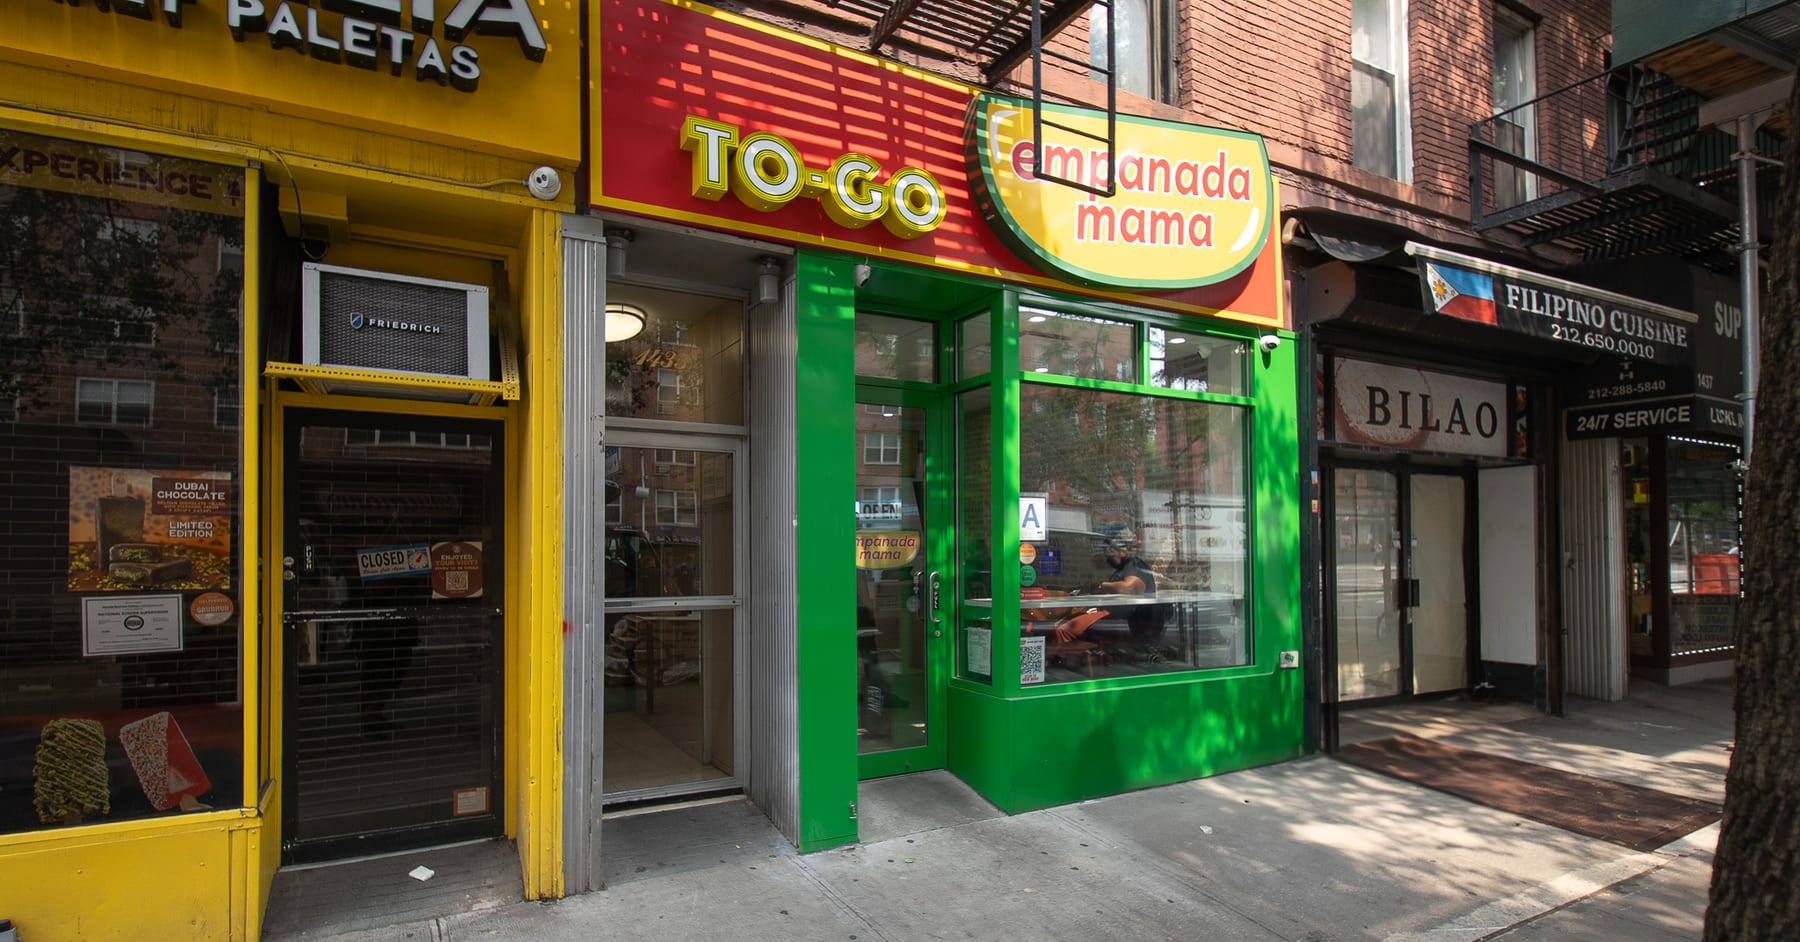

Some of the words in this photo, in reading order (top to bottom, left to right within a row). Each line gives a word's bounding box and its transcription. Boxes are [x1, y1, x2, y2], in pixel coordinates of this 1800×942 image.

[227, 0, 481, 83] PALETAS
[0, 146, 213, 200] XPERIENCE
[687, 117, 945, 233] TO-GO
[1011, 140, 1254, 203] empanada
[1076, 199, 1215, 249] mama
[368, 318, 441, 334] FRIEDRICH
[1505, 283, 1607, 330] FILIPINO
[1609, 310, 1689, 348] CUISINE
[1551, 323, 1655, 360] 212.650.0010
[1588, 380, 1666, 399] 212-288-5840
[1366, 385, 1498, 439] BILAO
[1577, 413, 1609, 432] 24/7
[1613, 406, 1691, 429] SERVICE
[157, 490, 226, 500] CHOCOLATE
[175, 482, 209, 491] DUBAI
[863, 503, 899, 519] OPEN
[1021, 503, 1041, 528] A
[169, 521, 213, 529] LIMITED
[169, 529, 213, 537] EDITION
[856, 535, 915, 550] mpanada
[360, 551, 405, 569] CLOSED
[859, 550, 901, 560] mama
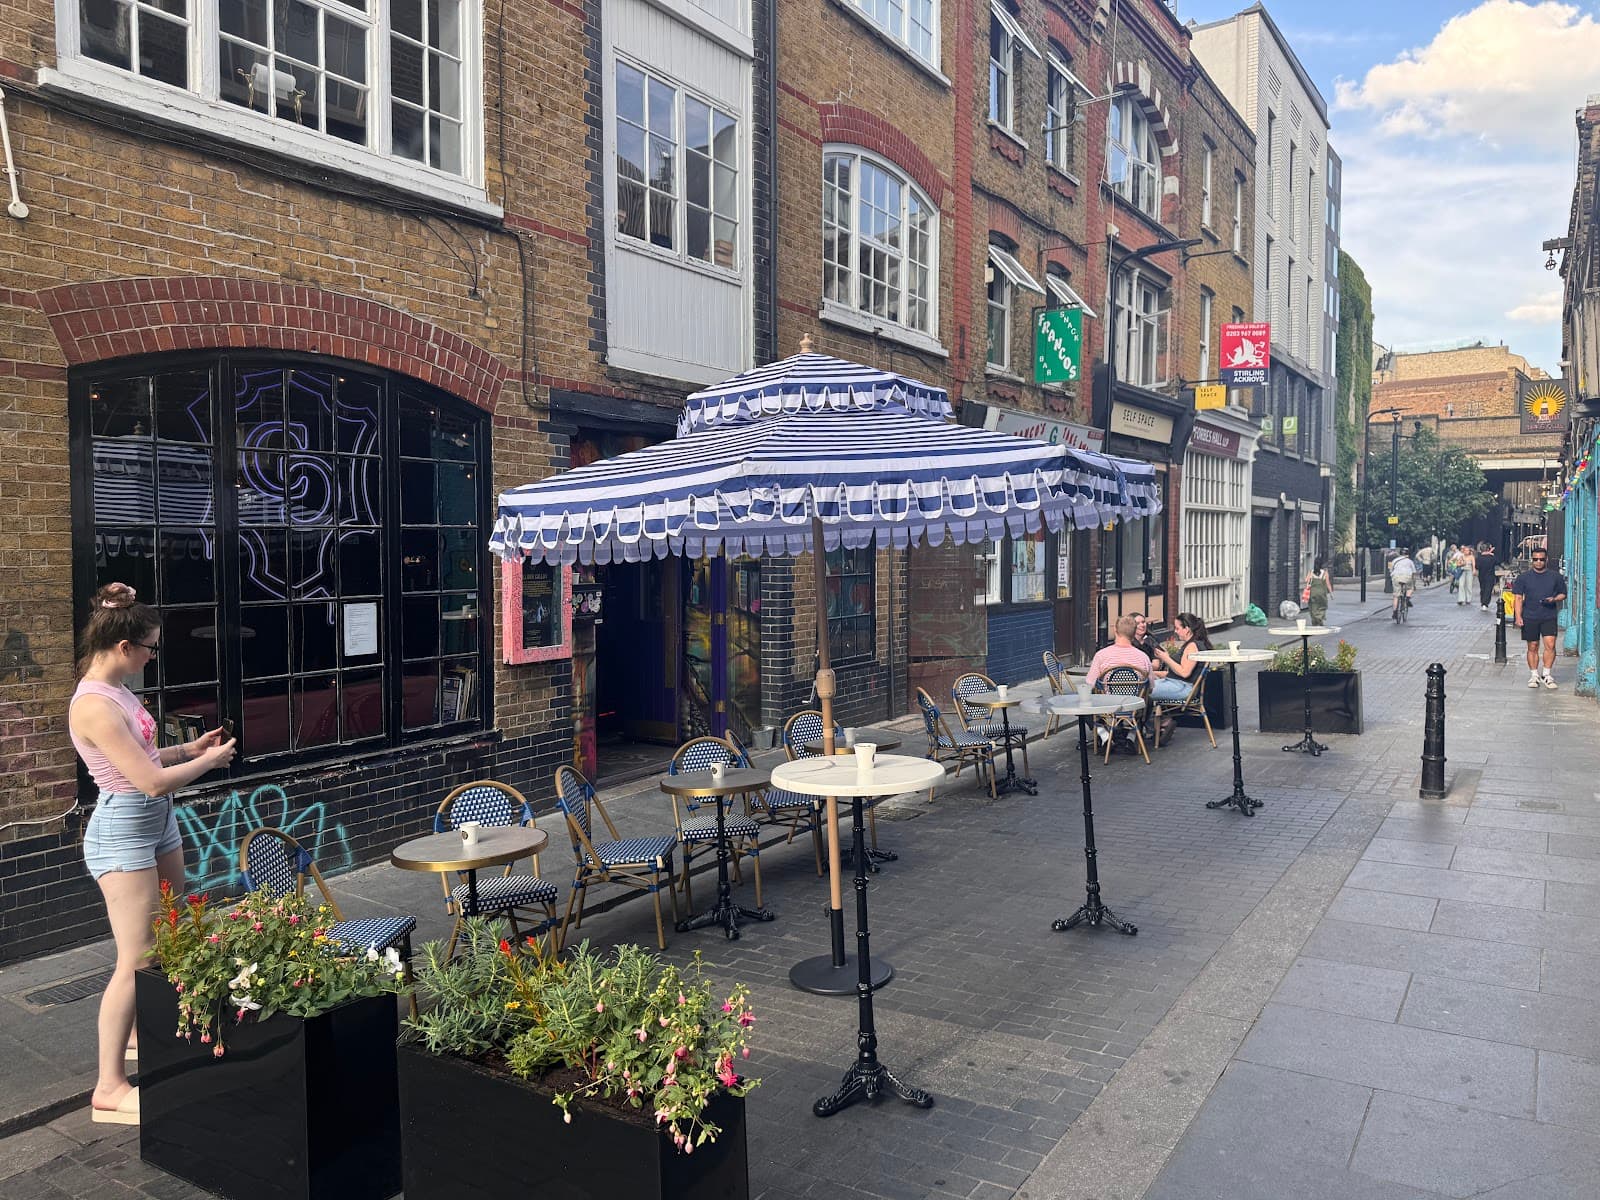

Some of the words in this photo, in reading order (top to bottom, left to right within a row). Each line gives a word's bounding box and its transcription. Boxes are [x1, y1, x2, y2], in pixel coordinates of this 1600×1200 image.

[1060, 311, 1079, 341] SNACK
[1038, 313, 1076, 379] FRANCOS
[1039, 355, 1052, 376] BAR
[1123, 409, 1136, 422] SELF
[1137, 412, 1155, 427] SPACE
[1212, 431, 1223, 447] HALL
....
▶ [Task description]:
Copy out every line of the material above precisely, omitting the pictures.

▶ [Task answer]:
Some of the words in this photo, in reading order (top to bottom, left to right within a row). Each line gives a word's bounding box and its transcription. Boxes are [x1, y1, x2, y2], in pixel coordinates of this 1800×942 image.

[227, 0, 481, 83] PALETAS
[0, 146, 213, 200] XPERIENCE
[687, 117, 945, 233] TO-GO
[1011, 140, 1254, 203] empanada
[1076, 199, 1215, 249] mama
[368, 318, 441, 334] FRIEDRICH
[1505, 283, 1607, 330] FILIPINO
[1609, 310, 1689, 348] CUISINE
[1551, 323, 1655, 360] 212.650.0010
[1588, 380, 1666, 399] 212-288-5840
[1366, 385, 1498, 439] BILAO
[1577, 413, 1609, 432] 24/7
[1613, 406, 1691, 429] SERVICE
[157, 490, 226, 500] CHOCOLATE
[175, 482, 209, 491] DUBAI
[863, 503, 899, 519] OPEN
[1021, 503, 1041, 528] A
[169, 521, 213, 529] LIMITED
[169, 529, 213, 537] EDITION
[856, 535, 915, 550] mpanada
[360, 551, 405, 569] CLOSED
[859, 550, 901, 560] mama

Some of the words in this photo, in reading order (top to bottom, left to right within a row). Each line gives a word's bounding box and its transcription. Boxes are [x1, y1, x2, y2], in pixel coordinates of this 1600×1200 image.

[1060, 311, 1079, 341] SNACK
[1038, 313, 1076, 379] FRANCOS
[1039, 355, 1052, 376] BAR
[1123, 409, 1136, 422] SELF
[1137, 412, 1155, 427] SPACE
[1212, 431, 1223, 447] HALL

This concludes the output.